◆ **EXERCISE INSTRUCTIONS**: Set down the full listing exactly, character for character.

◆ **RECORDS SUPPLIED**:
+ + + +

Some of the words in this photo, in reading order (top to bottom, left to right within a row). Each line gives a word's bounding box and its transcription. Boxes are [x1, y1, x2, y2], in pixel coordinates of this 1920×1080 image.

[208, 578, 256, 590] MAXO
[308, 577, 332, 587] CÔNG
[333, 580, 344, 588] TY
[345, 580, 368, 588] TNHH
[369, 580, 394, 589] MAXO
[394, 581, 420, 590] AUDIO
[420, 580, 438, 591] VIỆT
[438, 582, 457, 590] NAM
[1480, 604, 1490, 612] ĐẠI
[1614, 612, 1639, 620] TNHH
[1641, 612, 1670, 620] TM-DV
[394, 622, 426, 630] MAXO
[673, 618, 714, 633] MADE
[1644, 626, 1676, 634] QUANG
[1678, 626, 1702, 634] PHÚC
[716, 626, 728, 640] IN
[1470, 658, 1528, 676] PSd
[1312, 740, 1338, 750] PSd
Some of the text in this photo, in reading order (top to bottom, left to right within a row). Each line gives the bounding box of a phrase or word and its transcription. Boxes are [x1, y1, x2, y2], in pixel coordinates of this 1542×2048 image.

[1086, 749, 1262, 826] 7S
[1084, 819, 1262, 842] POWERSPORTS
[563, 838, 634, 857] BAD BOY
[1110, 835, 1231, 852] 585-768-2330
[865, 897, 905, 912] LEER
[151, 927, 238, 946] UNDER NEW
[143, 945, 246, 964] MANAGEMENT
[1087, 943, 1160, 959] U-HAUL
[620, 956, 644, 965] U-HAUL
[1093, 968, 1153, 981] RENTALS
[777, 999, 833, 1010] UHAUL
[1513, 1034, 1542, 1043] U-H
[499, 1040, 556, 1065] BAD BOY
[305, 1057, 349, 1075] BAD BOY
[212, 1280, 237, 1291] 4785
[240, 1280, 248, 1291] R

+ + + +

◆ **ANSWER TO THIS EXERCISE**:
Some of the words in this photo, in reading order (top to bottom, left to right within a row). Each line gives a word's bounding box and its transcription. Boxes are [x1, y1, x2, y2], in pixel coordinates of this 1920×1080 image.

[208, 578, 256, 590] MAXO
[308, 577, 332, 587] CÔNG
[333, 580, 344, 588] TY
[345, 580, 368, 588] TNHH
[369, 580, 394, 589] MAXO
[394, 581, 420, 590] AUDIO
[420, 580, 438, 591] VIỆT
[438, 582, 457, 590] NAM
[1480, 604, 1490, 612] ĐẠI
[1614, 612, 1639, 620] TNHH
[1641, 612, 1670, 620] TM-DV
[394, 622, 426, 630] MAXO
[673, 618, 714, 633] MADE
[1644, 626, 1676, 634] QUANG
[1678, 626, 1702, 634] PHÚC
[716, 626, 728, 640] IN
[1470, 658, 1528, 676] PSd
[1312, 740, 1338, 750] PSd
Some of the text in this photo, in reading order (top to bottom, left to right within a row). Each line gives the bounding box of a phrase or word and its transcription. Boxes are [x1, y1, x2, y2], in pixel coordinates of this 1542×2048 image.

[1086, 749, 1262, 826] 7S
[1084, 819, 1262, 842] POWERSPORTS
[563, 838, 634, 857] BAD BOY
[1110, 835, 1231, 852] 585-768-2330
[865, 897, 905, 912] LEER
[151, 927, 238, 946] UNDER NEW
[143, 945, 246, 964] MANAGEMENT
[1087, 943, 1160, 959] U-HAUL
[620, 956, 644, 965] U-HAUL
[1093, 968, 1153, 981] RENTALS
[777, 999, 833, 1010] UHAUL
[1513, 1034, 1542, 1043] U-H
[499, 1040, 556, 1065] BAD BOY
[305, 1057, 349, 1075] BAD BOY
[212, 1280, 237, 1291] 4785
[240, 1280, 248, 1291] R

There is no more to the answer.